Neben ihrer klinischen Bedeutung sind Mykoplasmen (hauptsächlich Mycoplasma orale) auch die gefährlichsten Kontaminationen in der normalen Zellkultur. Da sie lichtmikroskopisch wegen ihrer geringen Größe nur schwer zu erkennen sind und weil sie gegen Standardantibiotika resistent sind, bleiben sie oft unerkannt und beeinflussen so das zelluläre Wachstum und die Ergebnisse.
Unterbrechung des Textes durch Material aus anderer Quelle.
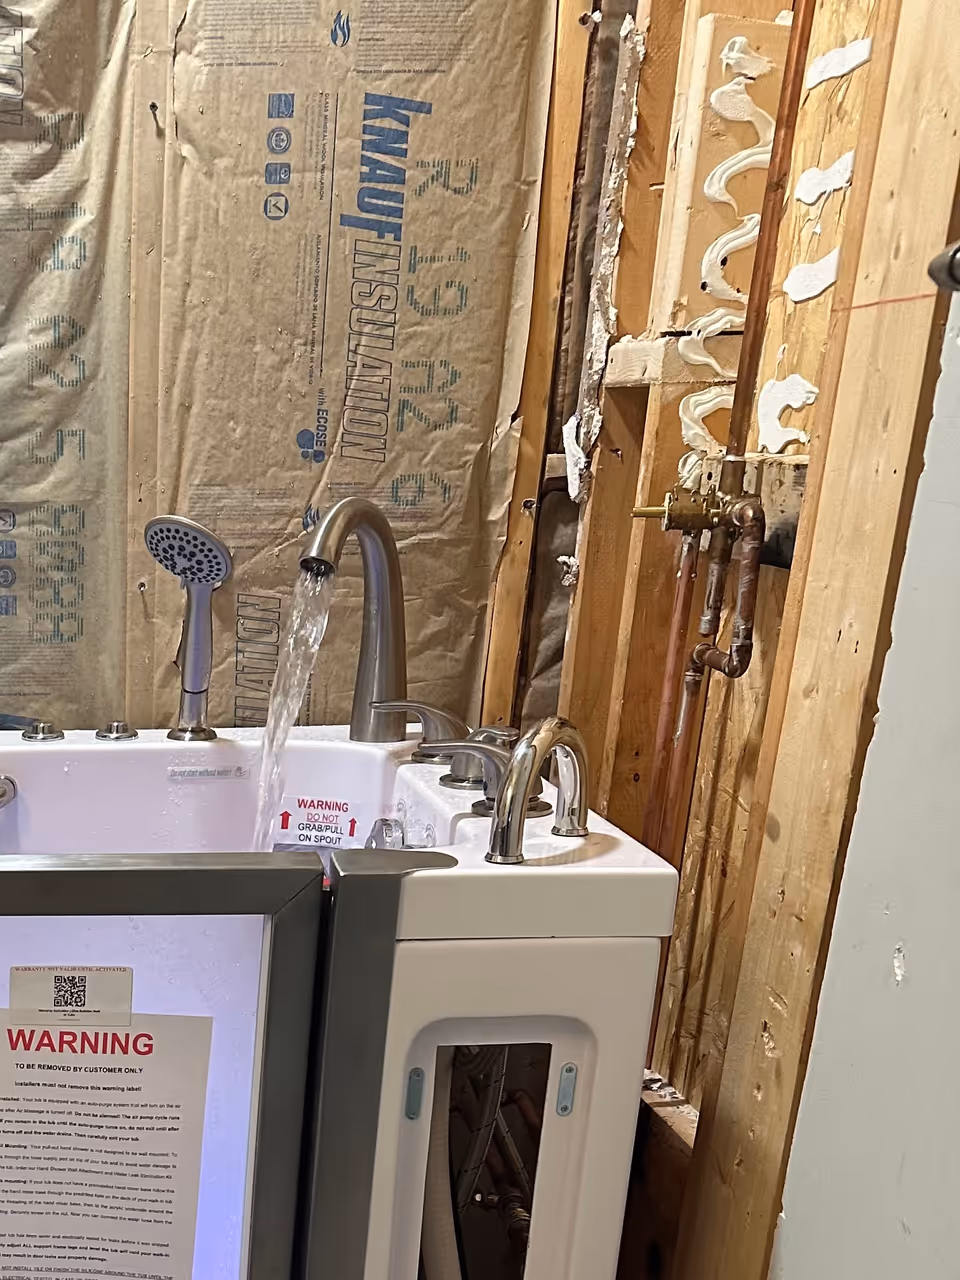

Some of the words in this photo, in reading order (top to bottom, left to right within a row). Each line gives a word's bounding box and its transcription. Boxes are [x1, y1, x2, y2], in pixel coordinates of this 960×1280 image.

[340, 92, 433, 241] KNAUF
[415, 158, 479, 197] R
[406, 245, 471, 318] 19
[340, 239, 402, 462] INSULATION
[397, 359, 462, 433] A2
[315, 409, 328, 447] ECOSE
[234, 593, 281, 726] LATION
[298, 799, 348, 812] WARNING
[307, 812, 320, 821] DO
[322, 814, 339, 822] NOT
[298, 823, 344, 835] GRAB/PULL
[314, 835, 342, 844] SPOUT
[6, 1028, 154, 1056] WARNING
[38, 1064, 71, 1072] REMOVED
Morphologie der Zellen und Kolonien

Die Zellformen der Mykoplasmen (Mollicutes) sind vielgestaltig (pleomorph), oft bläschenförmig (coccoid). Ihre Kolonien zeigen eine charakteristische Spiegeleiform.

Vermehrung

Die zellwandlosen Mykoplasmen (Mollicutes), früher PPLO (pleuropneumonia-like organisms) genannt, vermehren sich nicht durch Zweiteilung (binary fission) wie die anderen Bakterien, sondern durch einen Knospungsmechanismus. Fortlaufende Mikrofotografien von sich vermehrenden Mikrokulturen von verschiedenen Stämmen von Mykoplasmen, bakteriellen L-Formen und, als Kontrolle, einer Micrococcus-Art (als Beispiel für Zweiteilung) wiesen diese Vermehrungsweise nach.[9] Die lichtmikroskopischen Untersuchungen wurden elektronenmikroskopisch ergänzt.[10]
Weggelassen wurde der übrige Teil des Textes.